We accept beauty is in our eye, but we are desperate to locate it in an object (workshop, performance, song) and share that feeling with others. (2009, p. 144).

As mentioned before, children can experience a sense of thrill when sharing their work. It could be argued that this thrill is one of the effects of pleasure derived from beauty, as these are mentioned by Scarry: A rush of adrenaline, the heart beating faster and feeling that life is more vivid and animated (2001, pp. 24-25). Thompson describes the experience of beauty when participating in artistic activities as ‘that moment of pleasurable, world-stopping sensation’ (2009, p. 140).

O’Neill maintains that drama carries the potential to help participants experience what Murdoch calls ‘unselfing’. The former uses the term ‘self-transcendence’ as a synonym for unselfing (2006, p. 81). She believes that drama’s educational value lies in its capacity to promote a shift of focus from oneself to a different time and location (2006, p. 81). She connects drama and self-transcendence as follows:

Although all art contains the possibility of taking us beyond ourselves, theatre and drama demand actual participation in an illusion, which inhibits self-assertive tendencies and facilitates self-transcending tendencies. Cassirer (1944) asserts that art turns emotion into a means of self-liberation and gives us inner freedom. (O'Neill 2006, p. 81)

4.7.3 Children’s voice

McClaren argues that a pedagogy that stimulates dynamic forms of participation positively resonates with ‘the dreams, desires, voices and utopian longings’ of students (1988, p. 168, cited in Taylor and Warner 2006, p. 106). Echoing his argument, Taylor and Warner claim that drama can build on the dreams and voices of children, because it marks their contributions as valid (2006, p. 106).
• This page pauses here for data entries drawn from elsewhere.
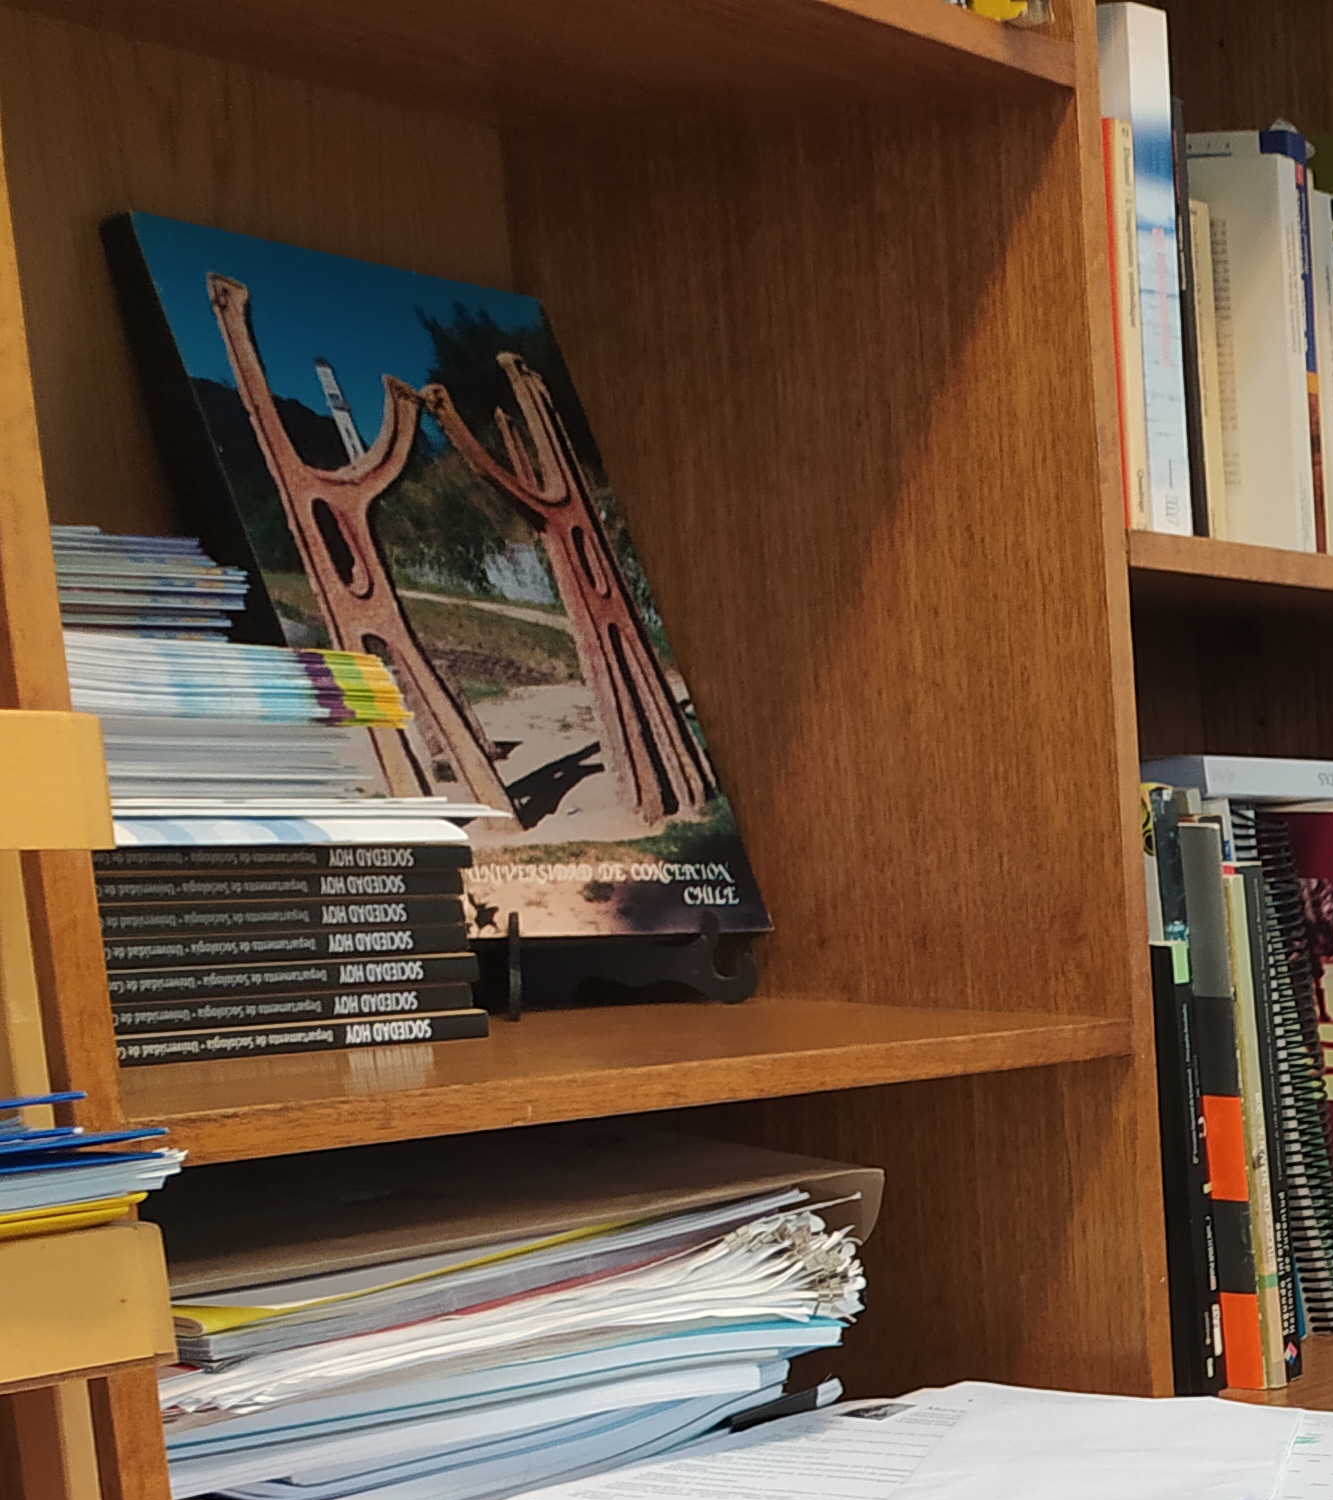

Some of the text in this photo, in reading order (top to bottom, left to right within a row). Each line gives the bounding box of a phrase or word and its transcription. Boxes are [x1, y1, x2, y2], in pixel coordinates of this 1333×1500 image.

[328, 848, 414, 867] SOCIEDAD HOY
[464, 862, 594, 883] UNIVERSIDAD
[598, 863, 627, 882] DE
[320, 874, 406, 894] SOCIEDAD HOY
[683, 884, 741, 905] CHILE
[322, 903, 407, 924] SOCIEDAD HOY
[328, 931, 413, 953] SOCIEDAD HOY
[339, 961, 424, 984] SOCIEDAD HOY
[333, 991, 418, 1015] SOCIEDAD HOY
[128, 1019, 432, 1058] SOCIEDAD HOY Departamento de Sociología Universidad de
[1276, 1190, 1297, 1333] Nacional de Juventud
[1271, 1221, 1291, 1335] Segundo Informe
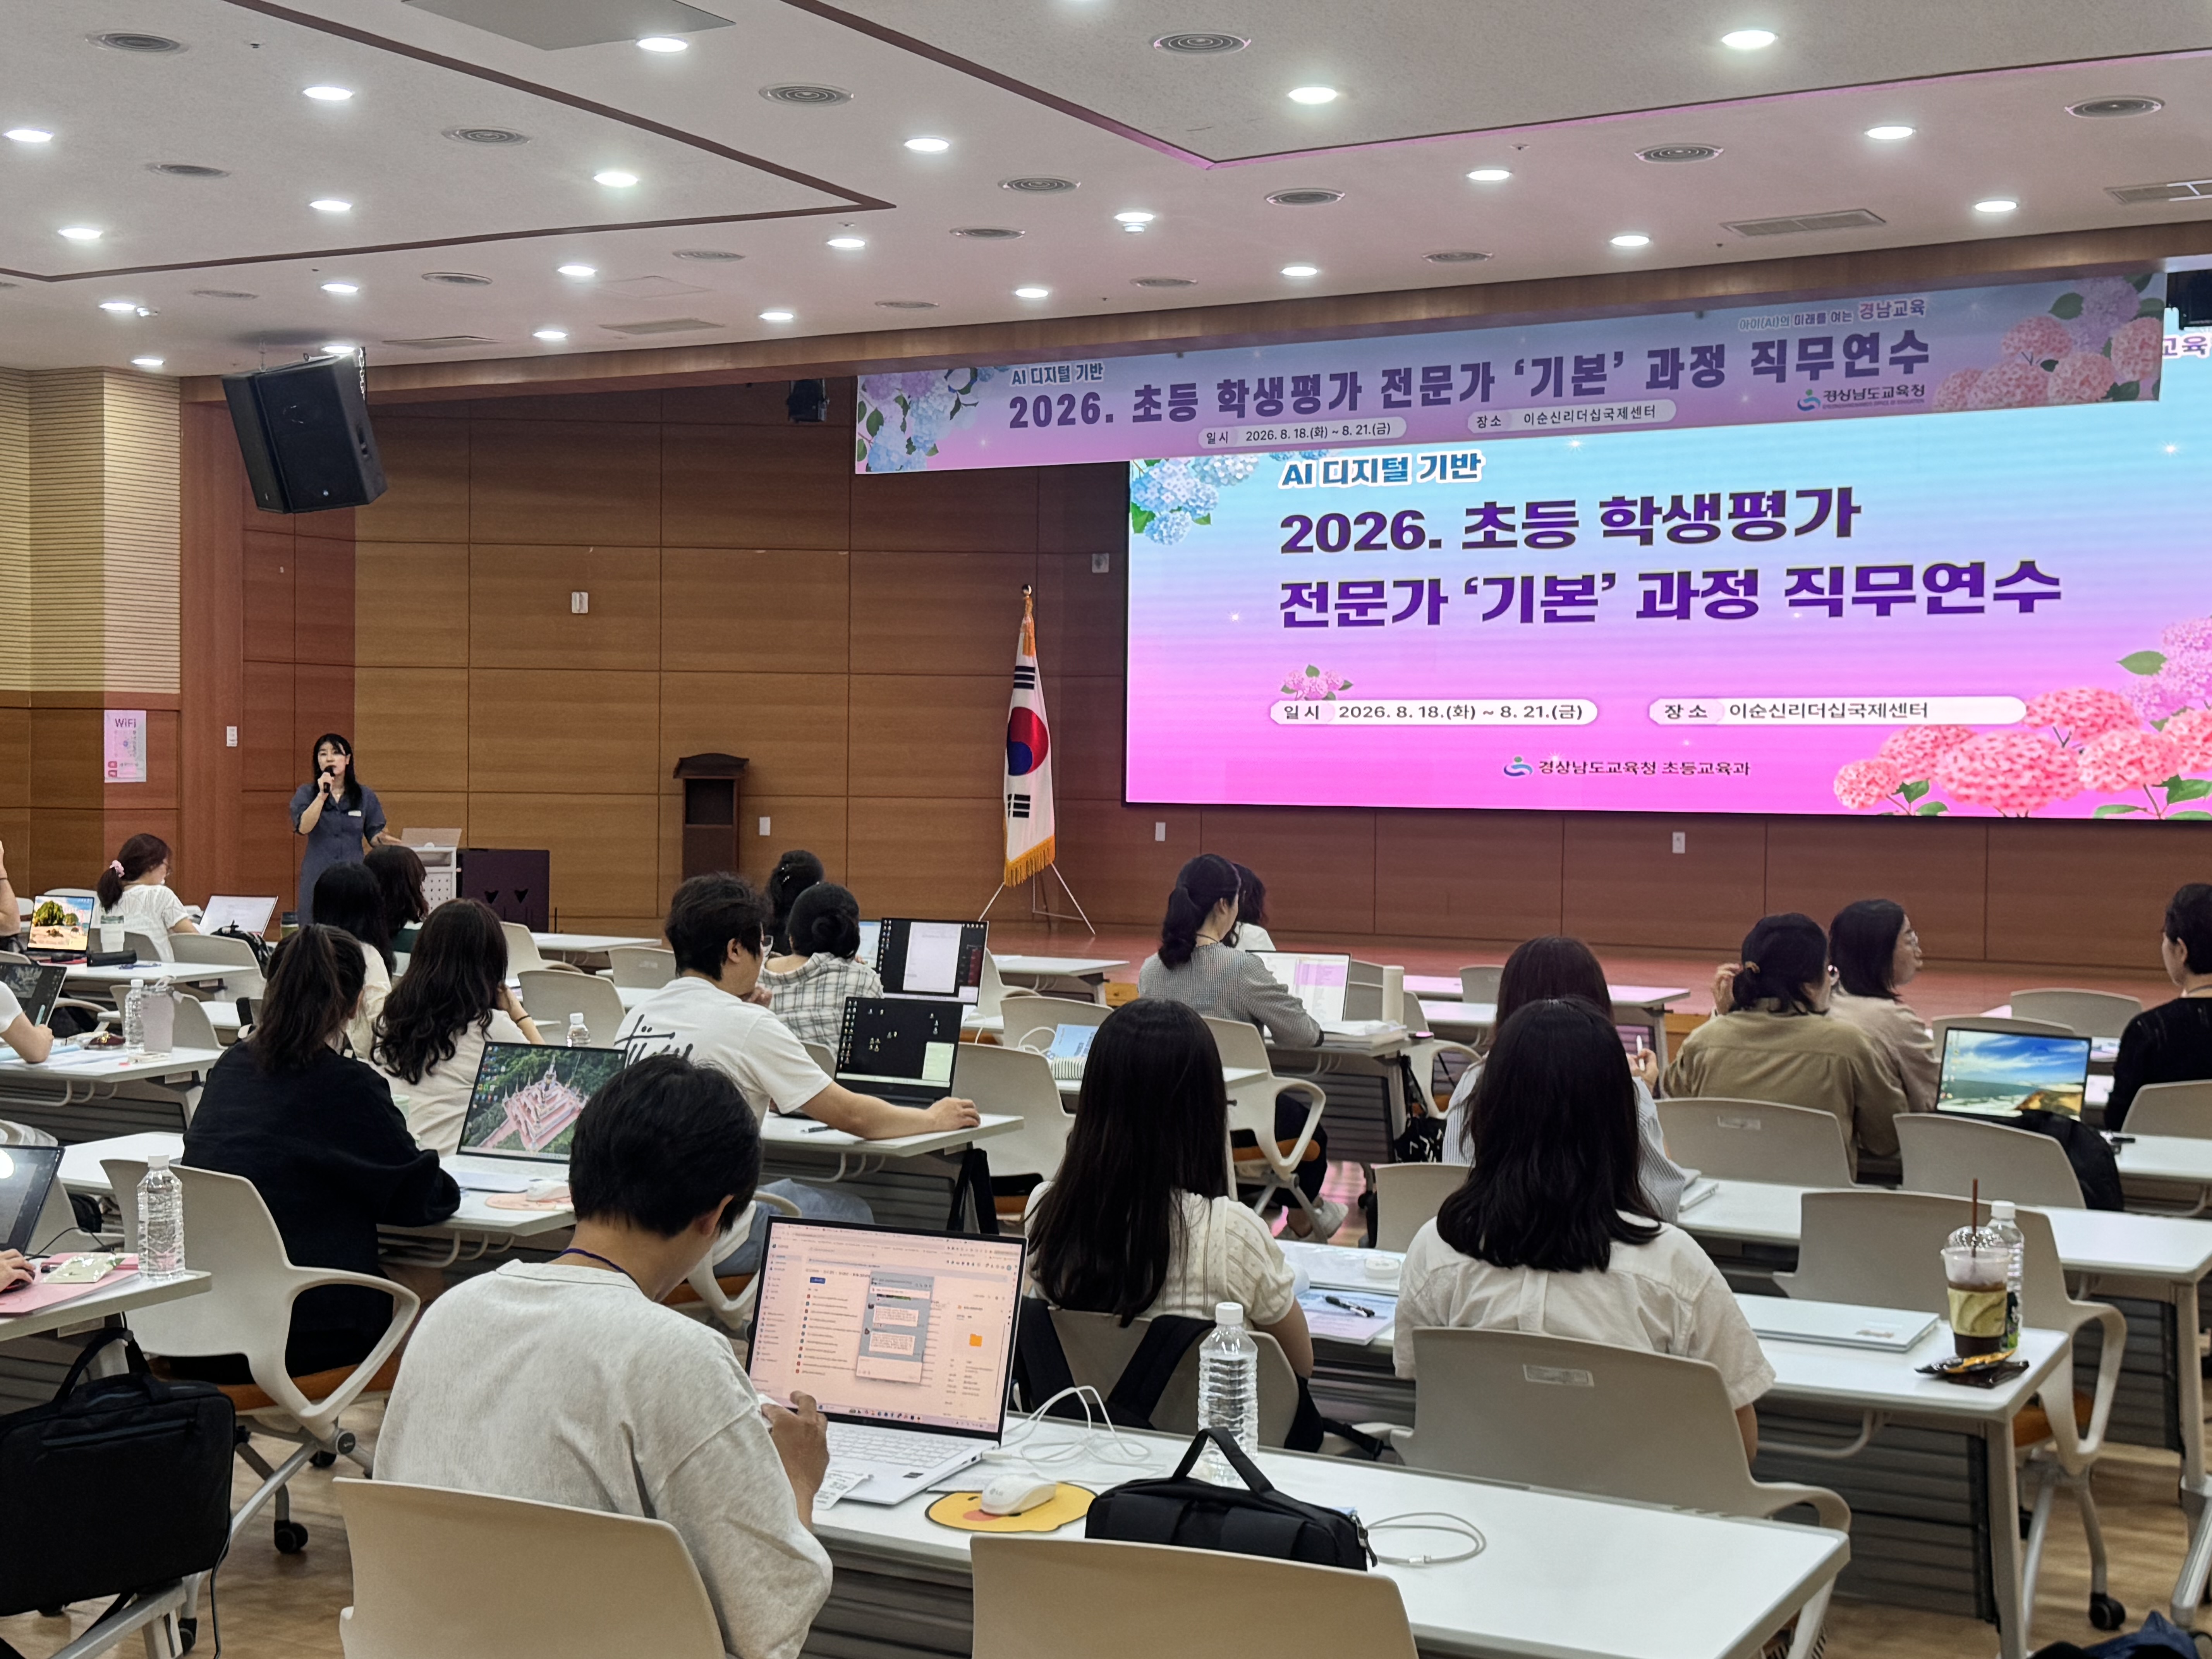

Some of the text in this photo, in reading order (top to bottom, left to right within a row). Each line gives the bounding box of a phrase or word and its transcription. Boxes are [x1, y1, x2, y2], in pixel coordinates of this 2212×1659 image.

[1794, 313, 1826, 325] 미래를
[1831, 311, 1852, 322] 여는
[1860, 299, 1924, 319] 경남교육
[1010, 392, 1113, 428] 2026.
[1133, 383, 1198, 422] 초등
[1217, 372, 1362, 418] 학생평가
[1381, 362, 1495, 409] 전문가
[1646, 344, 1725, 390] 과정
[1751, 330, 1929, 383] 직무연수
[1012, 363, 1103, 385] AI 디지털 기반
[1824, 384, 1925, 402] 경상남도교육청
[1524, 405, 1656, 425] 이순신리더십국제센터
[1246, 430, 1277, 441] 2026.
[1282, 453, 1481, 486] AI 디지털 기반
[1280, 487, 1861, 553] 2026. 초등 학생평가
[1280, 578, 1448, 628] 전문가
[1637, 569, 1759, 620] 과정
[1785, 560, 2061, 618] 직무연수
[1339, 706, 1391, 718] 2026.
[1730, 702, 1928, 719] 이순신리더십국제센터
[1539, 760, 1750, 775] 경상남도교육청 초등교육과
Winston (2004) illustrates several ways in which drama encourages children to express their views, thoughts and feelings, to have these listened to and to listen to those of others. Firstly, its formal structures allow them the space to perform and to watch others perform (2004, p. 50). In this way, they can communicate their voice to the audience and develop the skills of listening to one another. Secondly, drama can make room for the voice of those who are not usually heard. At a fictional level, this means that ‘marginalised voices can be forced to the centre of attention’ (2004, p. 50). At a classroom level, it means that children who are usually quiet can be encouraged to speak through the mask of a different identity (2004, p. 50). Thirdly, by taking on a needy or provocative role, the teacher can encourage them to articulate their views, to debate and raise arguments, and ‘to pit their wits against an opposing position’ (2004, p. 50).

Rinaldi’s argument regarding voice not being limited to the verbal expression of ideas is relevant to drama, as it allows children to express themselves through various means, such as signs, symbols and codes (2005, pp. 17, 20). Furthermore, we saw how Watson et al. consider listening to children’s voice to be ‘about reciprocal meaning making and about engaging in a dialogic process’ (2012, p. 123, italics in original). This idea is pertinent to the dramatic experience. The ensemble approach requires that the teacher and the participants engage in a democratic dialogue and that they have an equal share in producing meaning.